■ **WHAT TO DO**: Reproduce every entry that follows word for word, but omit the images.

Dataset entries
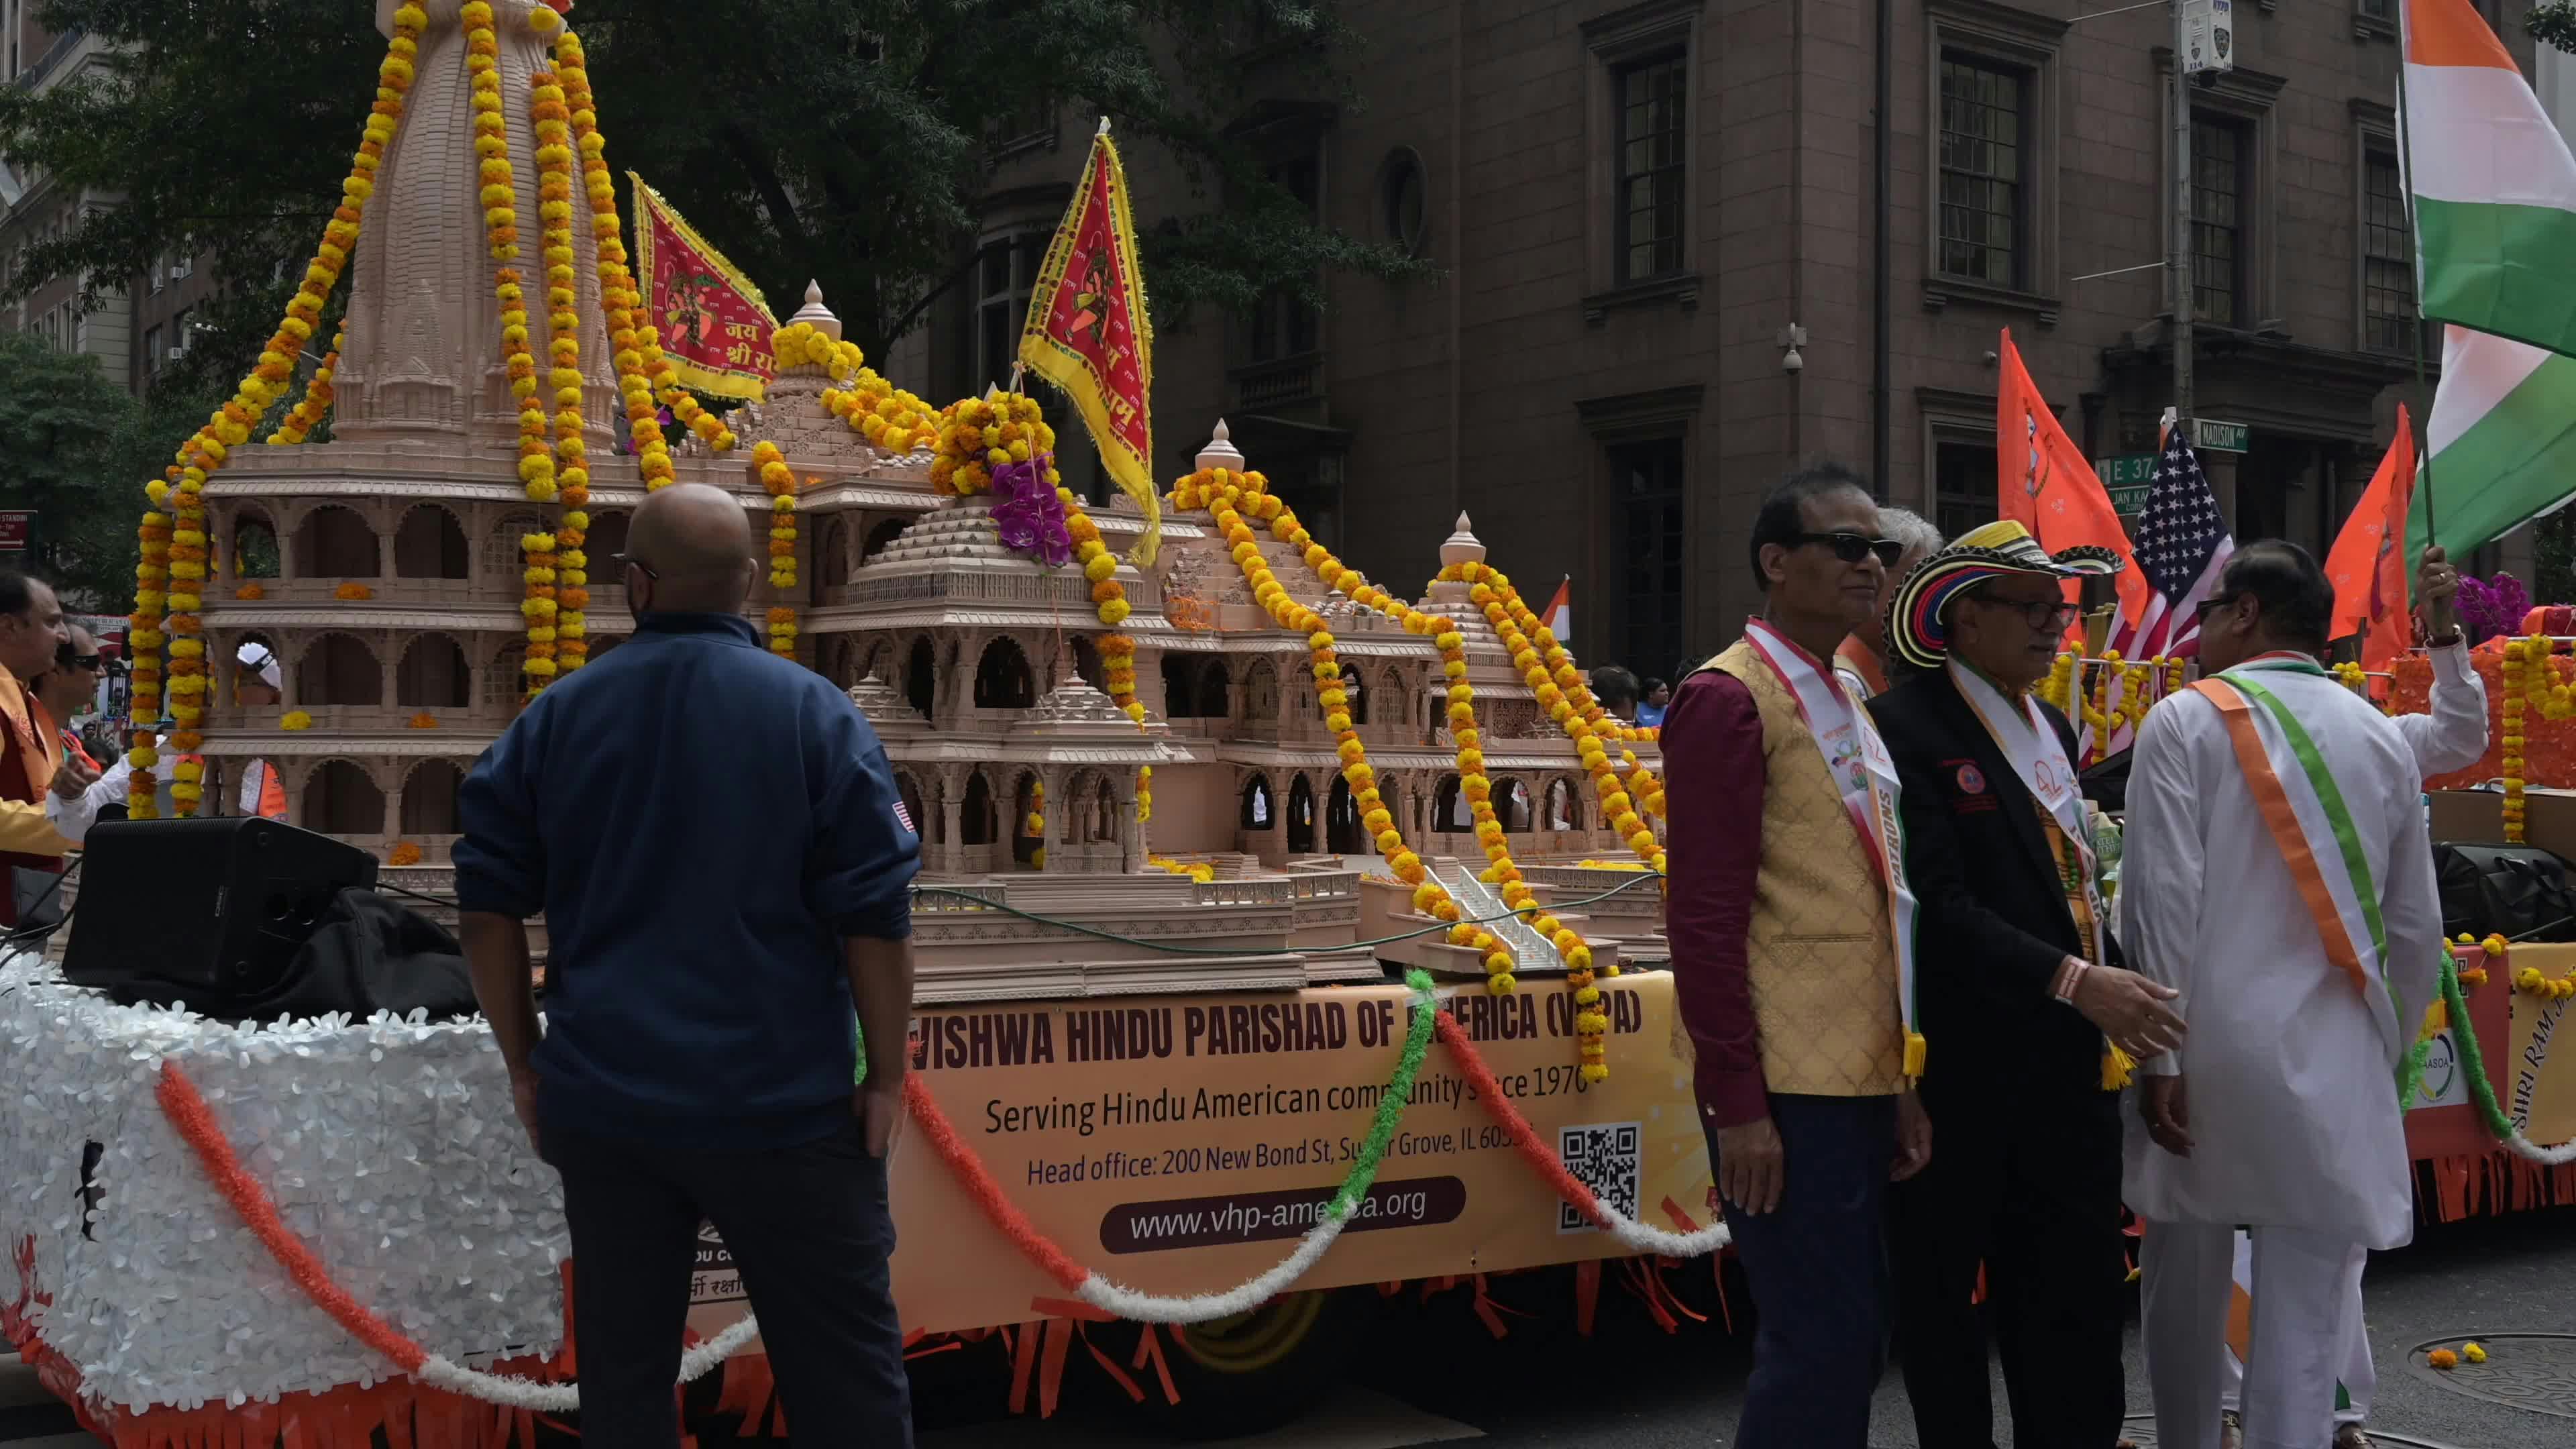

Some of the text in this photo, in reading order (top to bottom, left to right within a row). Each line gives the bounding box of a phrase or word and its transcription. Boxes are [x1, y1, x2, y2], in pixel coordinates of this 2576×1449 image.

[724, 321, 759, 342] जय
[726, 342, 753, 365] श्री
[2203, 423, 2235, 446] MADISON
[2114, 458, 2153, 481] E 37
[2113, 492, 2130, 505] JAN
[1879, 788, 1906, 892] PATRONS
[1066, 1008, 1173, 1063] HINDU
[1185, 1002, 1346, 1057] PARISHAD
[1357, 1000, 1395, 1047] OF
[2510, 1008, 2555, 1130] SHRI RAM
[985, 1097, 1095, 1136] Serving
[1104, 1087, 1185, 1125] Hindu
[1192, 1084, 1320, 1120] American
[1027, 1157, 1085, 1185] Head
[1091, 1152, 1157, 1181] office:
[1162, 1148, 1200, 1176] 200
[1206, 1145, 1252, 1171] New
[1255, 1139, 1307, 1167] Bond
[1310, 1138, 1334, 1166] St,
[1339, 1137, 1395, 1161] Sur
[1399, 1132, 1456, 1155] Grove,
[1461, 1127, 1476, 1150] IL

■ **ANSWER SPACE**:
Some of the text in this photo, in reading order (top to bottom, left to right within a row). Each line gives the bounding box of a phrase or word and its transcription. Boxes are [x1, y1, x2, y2], in pixel coordinates of this 2576×1449 image.

[724, 321, 759, 342] जय
[726, 342, 753, 365] श्री
[2203, 423, 2235, 446] MADISON
[2114, 458, 2153, 481] E 37
[2113, 492, 2130, 505] JAN
[1879, 788, 1906, 892] PATRONS
[1066, 1008, 1173, 1063] HINDU
[1185, 1002, 1346, 1057] PARISHAD
[1357, 1000, 1395, 1047] OF
[2510, 1008, 2555, 1130] SHRI RAM
[985, 1097, 1095, 1136] Serving
[1104, 1087, 1185, 1125] Hindu
[1192, 1084, 1320, 1120] American
[1027, 1157, 1085, 1185] Head
[1091, 1152, 1157, 1181] office:
[1162, 1148, 1200, 1176] 200
[1206, 1145, 1252, 1171] New
[1255, 1139, 1307, 1167] Bond
[1310, 1138, 1334, 1166] St,
[1339, 1137, 1395, 1161] Sur
[1399, 1132, 1456, 1155] Grove,
[1461, 1127, 1476, 1150] IL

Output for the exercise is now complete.